Recently, I selected some immunohistochemistry cases from file to photograph, and I realized that some histotechnologists do not pay much attention to orientation of tissue on the slide. Each of the 20 slides seen in Figure 1 represents a serial section in a tumor-identification case. Note how the tissues are sometimes placed at the top, middle, or bottom of slide. Note also how the tissue has no standard orientation. It is placed sometimes horizontally, vertically, or diagonally. While there is nothing inherently unacceptable in inconsistent tissue placement, there are 3 reasons to avoid this practice.

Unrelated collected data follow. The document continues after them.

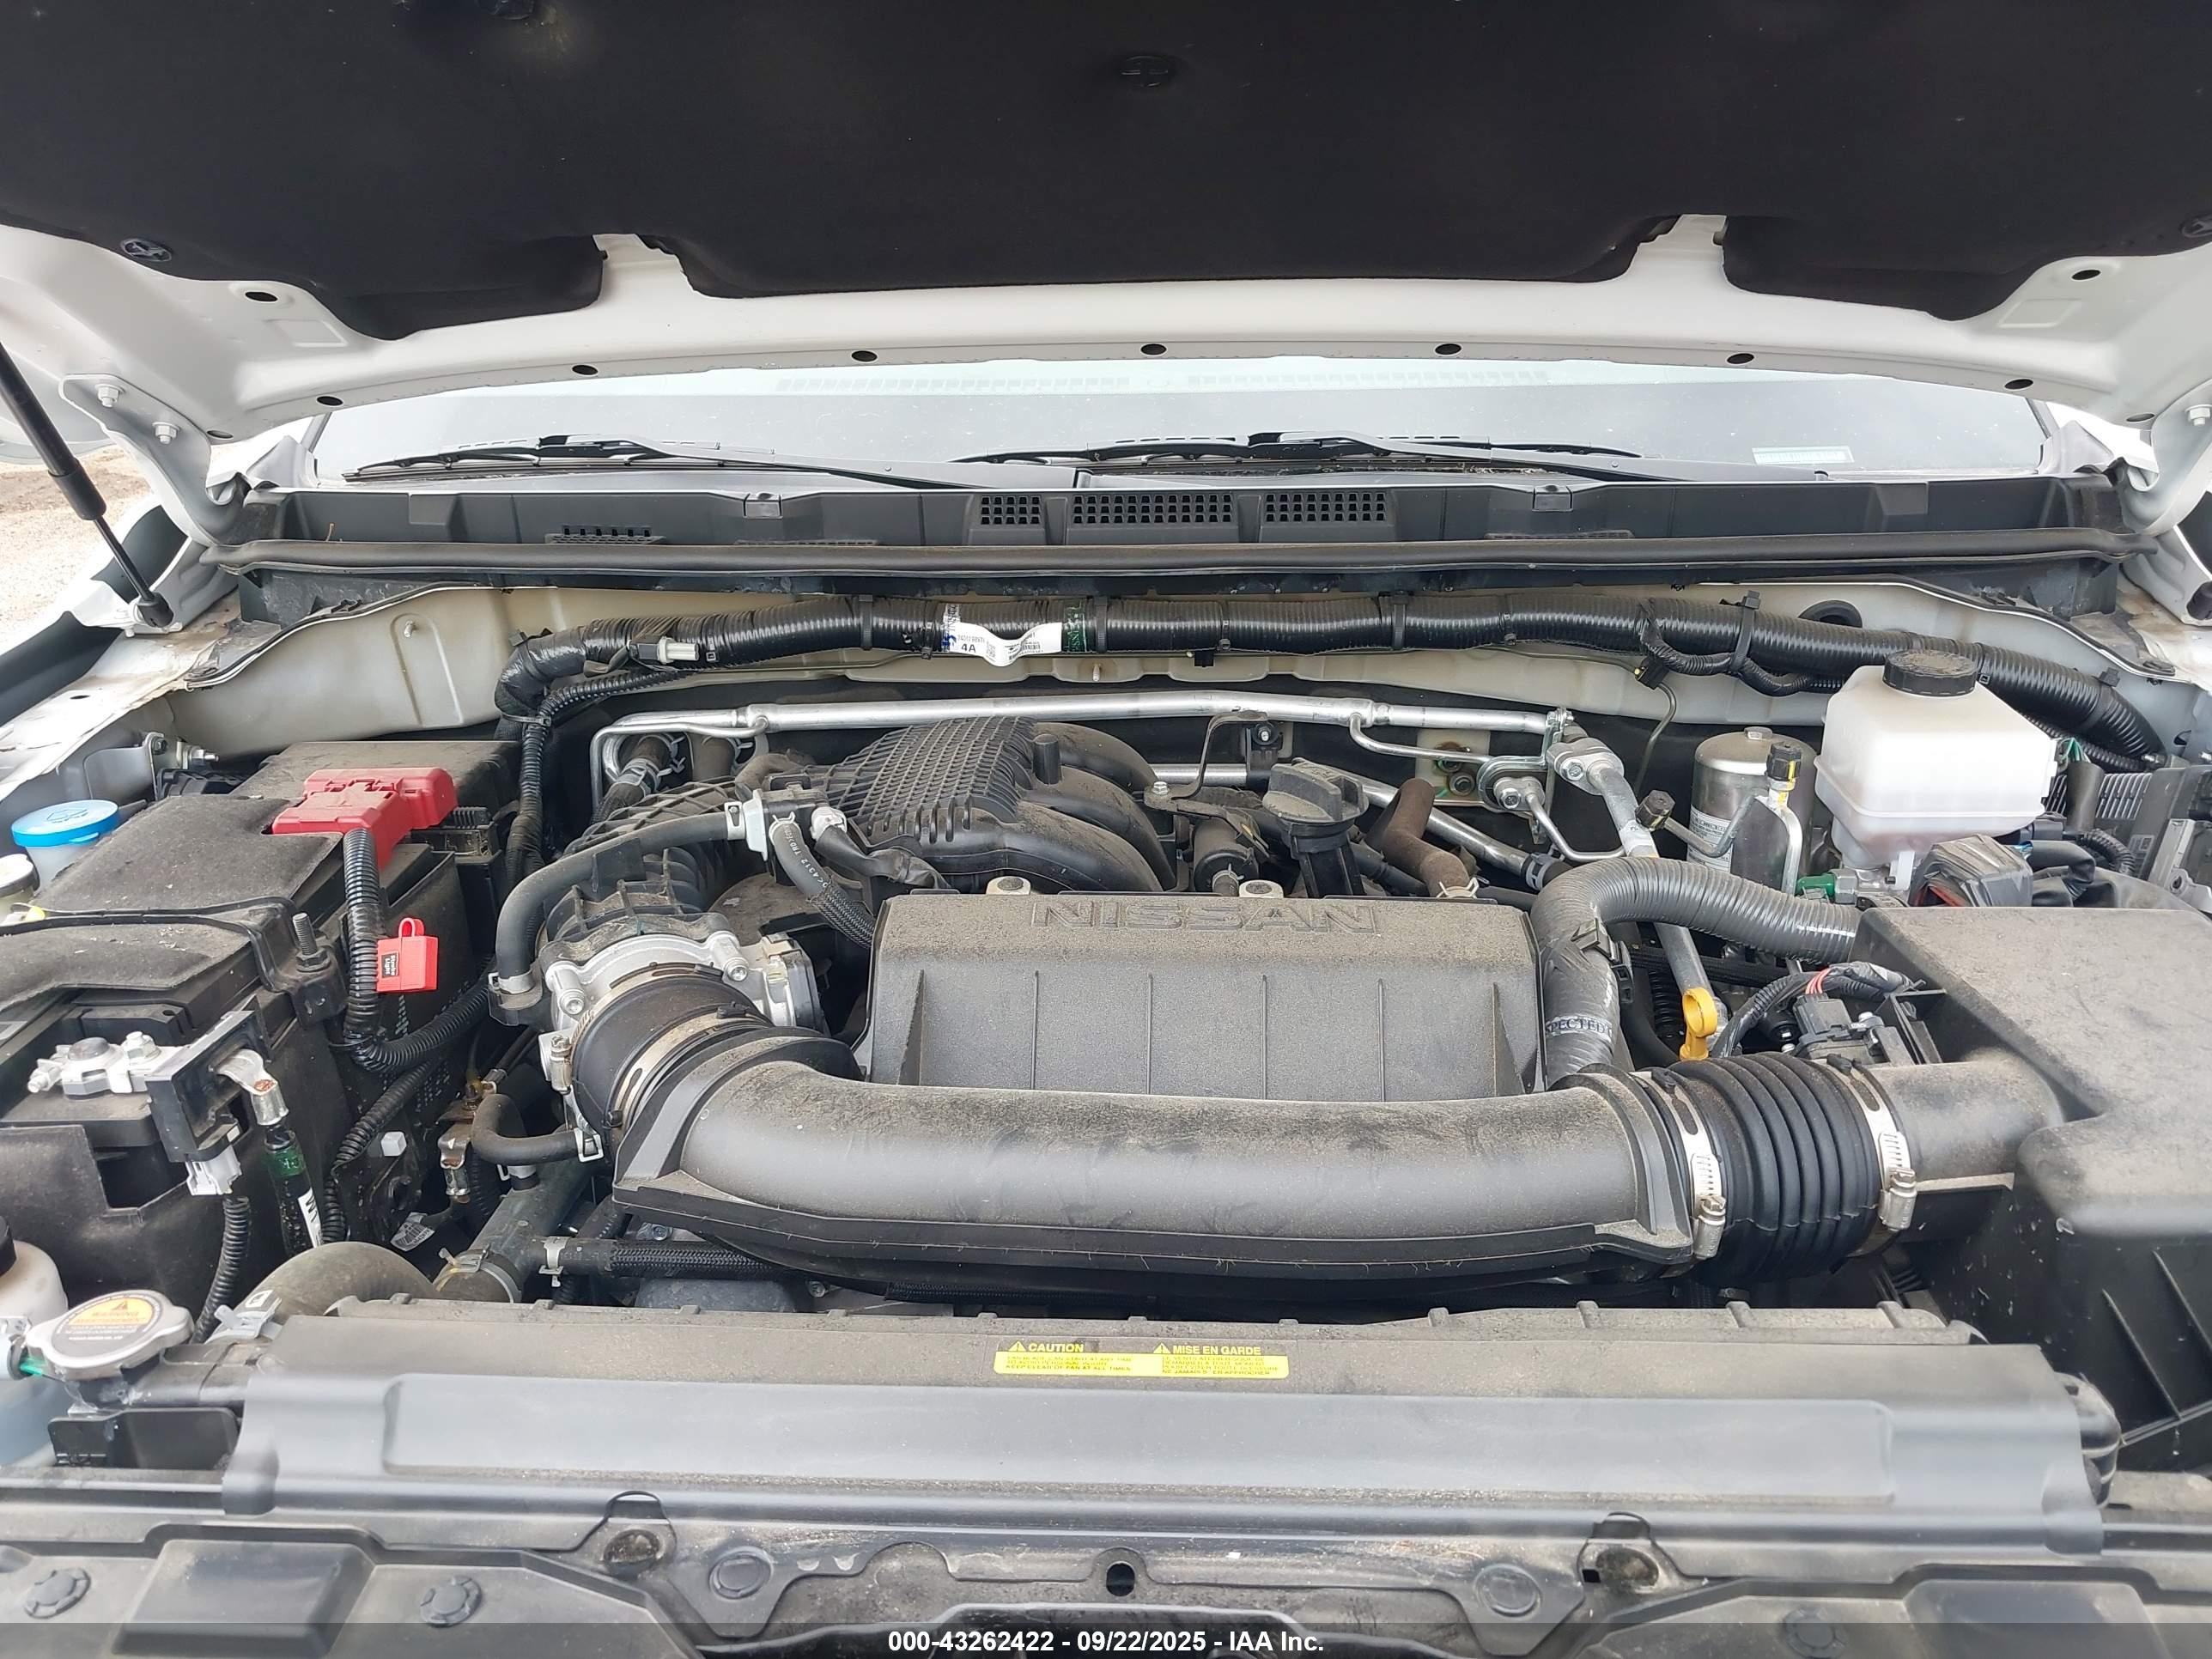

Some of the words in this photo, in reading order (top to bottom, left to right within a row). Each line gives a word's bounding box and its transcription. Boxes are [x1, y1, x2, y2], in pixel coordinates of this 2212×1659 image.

[961, 643, 976, 653] 4A
[1030, 901, 1376, 934] NISSAN
[1028, 1343, 1085, 1352] CAUTION
[1172, 1345, 1200, 1354] MISE
[1202, 1346, 1218, 1355] EN
[1220, 1346, 1262, 1355] GARDE
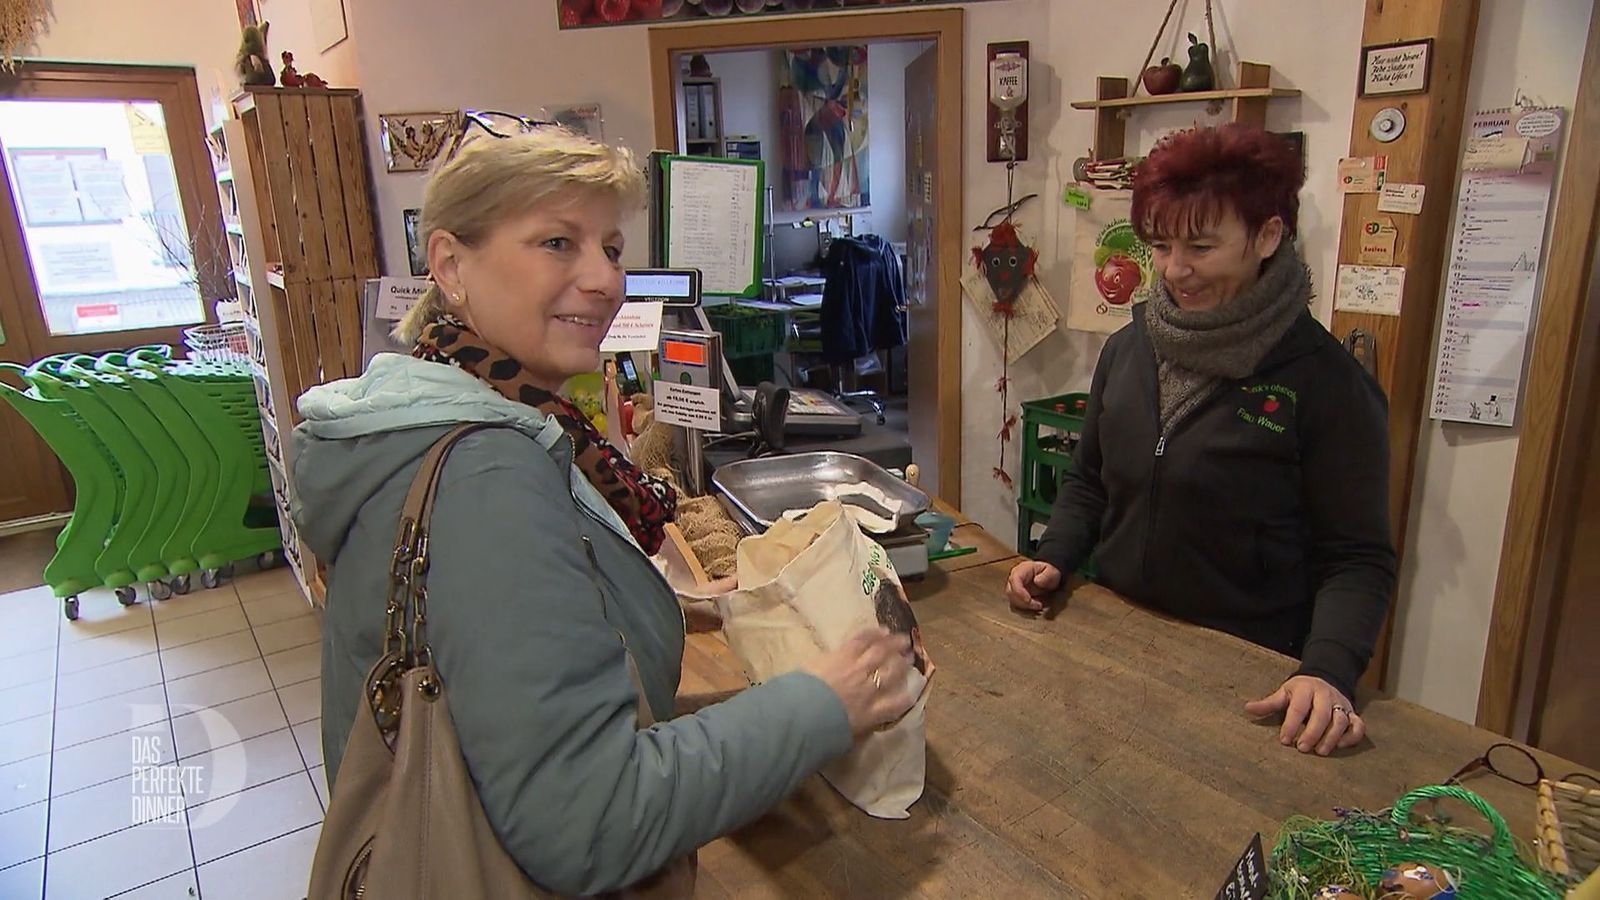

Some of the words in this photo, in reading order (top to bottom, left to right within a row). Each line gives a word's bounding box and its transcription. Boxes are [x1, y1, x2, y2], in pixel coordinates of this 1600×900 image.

The first reason is that it might not stain appropriately if the tissue section is placed too close to the label end, or too close to the edge, particularly if automated methods are used.


The second reason is that all sections will be examined under a microscope. A pathologist does not order special stains or immunohistochemistry for no reason. He/she is trying to identify something in a particular area of the tissue. When the tissue is randomly placed on the slide, it takes more time for the pathologist to find the appropriate area. Granted the pathologist should be bright enough to win this game of hide-and-seek, but why make it more difficult? Putting the section in the same location consistently is thoughtful, akin to holding the door open for someone.


In Figure 2a, the tissue is placed more centrally on the slide and initially appears more orderly. However, there was an isolated area of tumor which is shown by the curved black lines seen in Figure 2b. Note how varied the location of the black line is. A couple of the sections represent mirror images of the original H&E, suggesting that the tissue was placed face-down on the water bath before being picked up on a slide. That practice is considered unacceptable in all labs in which I have worked, and it calls into question the skill level of the tech performing the work.



The third reason to place tissue in a similar orientation on each slide is to demonstrate a higher level of skill and a true care for the field of histotechnology. When a technologist places the tissue on the slide the same way on multiple slides, it is clear that the orientation was done on purpose. Note in Figure 3 how not only is each section positioned centrally on the slide, but is also oriented similarly. In this case, it was very easy to find the exact area of interest microscopically on each slide.

Consistent orientation of tissues is a big plus for the person doing the microscopic interpretation, and is little inconvenience for the histotechnologist who cares about the appearance of his/her work.